Depth hands-on science learning the first lesson: to get started from the multi-class classification -Autograd

Use autograd automatically derivative

In machine learning, we usually updates the model parameters in order to solve using a gradient descent. Loss function gradient model parameters on a point direction can be reduced loss function values, we continue to update the model along the direction of the gradient to minimize the loss function.

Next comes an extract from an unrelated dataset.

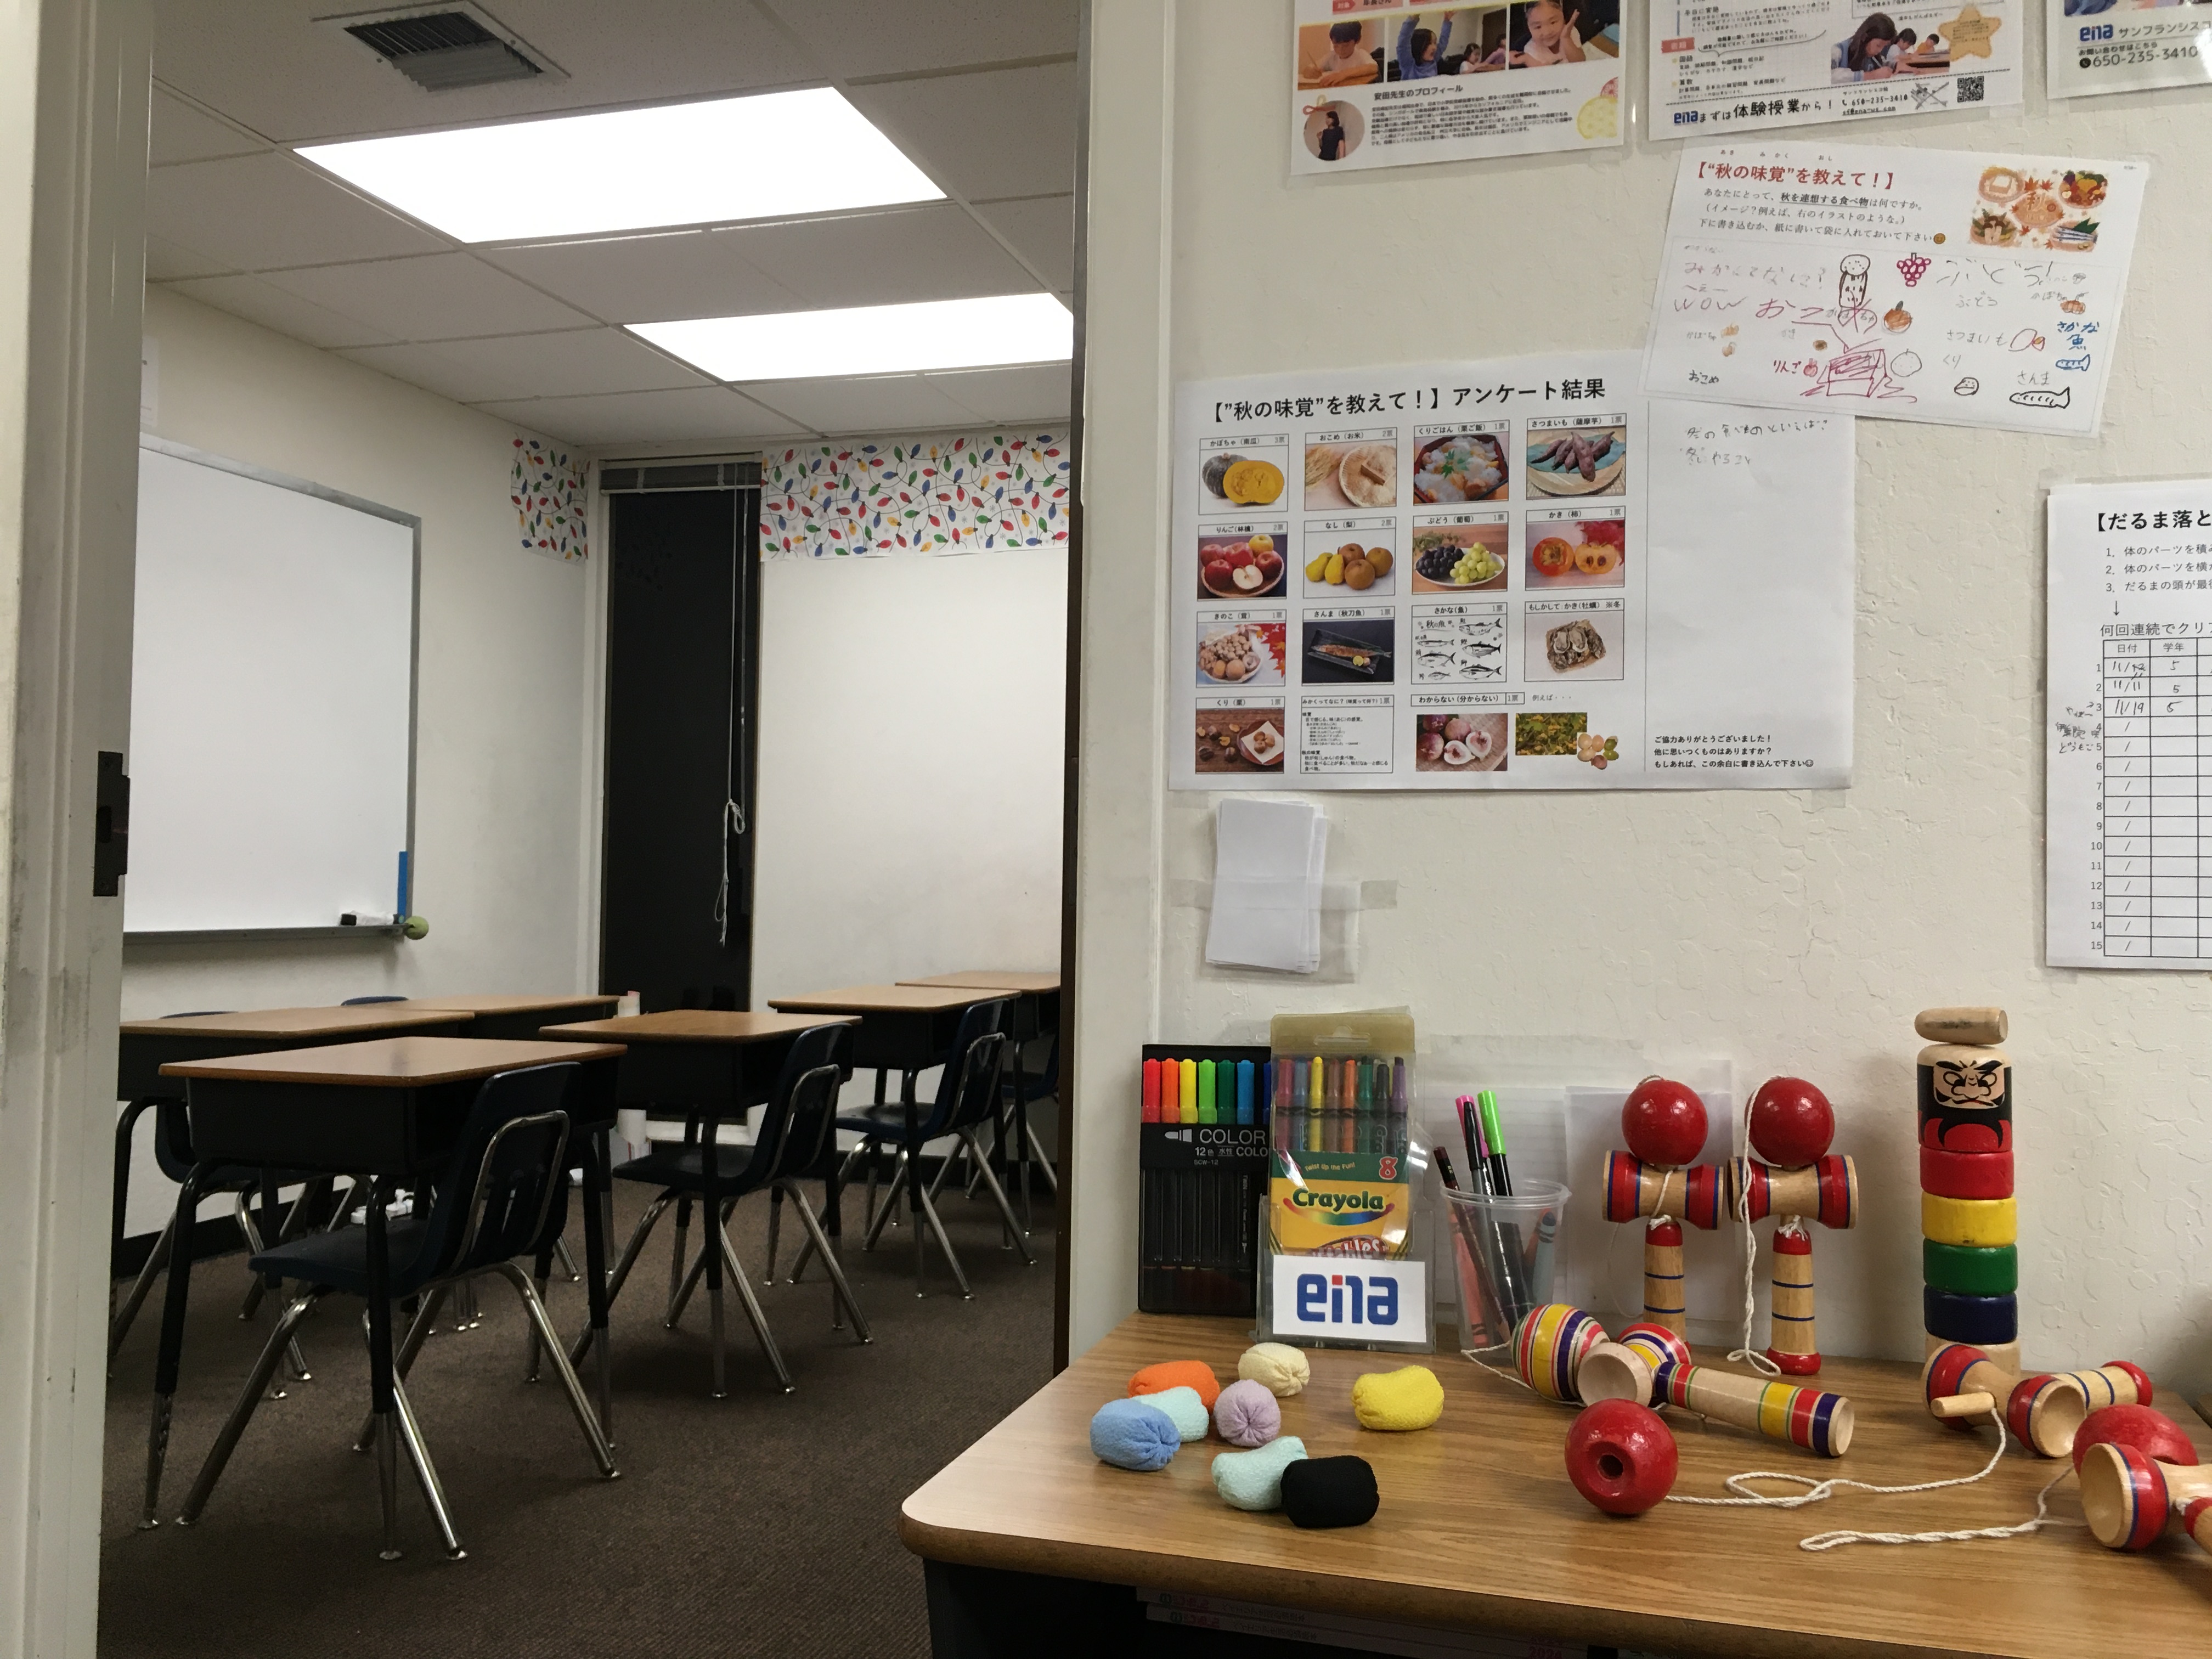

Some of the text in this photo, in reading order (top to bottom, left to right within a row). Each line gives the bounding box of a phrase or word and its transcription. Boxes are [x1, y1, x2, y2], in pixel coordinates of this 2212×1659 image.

Although the gradient calculation is relatively straightforward, but for complex models, for example, up to dozens layer neural network, a manual calculation of the gradient is very difficult.

To this end MXNet provide autograd package to automate the process of derivation. Although most claim depth learning framework to automatically compile the computing FIG derivative, mxnet.autograd derivative may be normal programming command, it creates each rear end of the real-time computation graph can be immediately calculated gradient.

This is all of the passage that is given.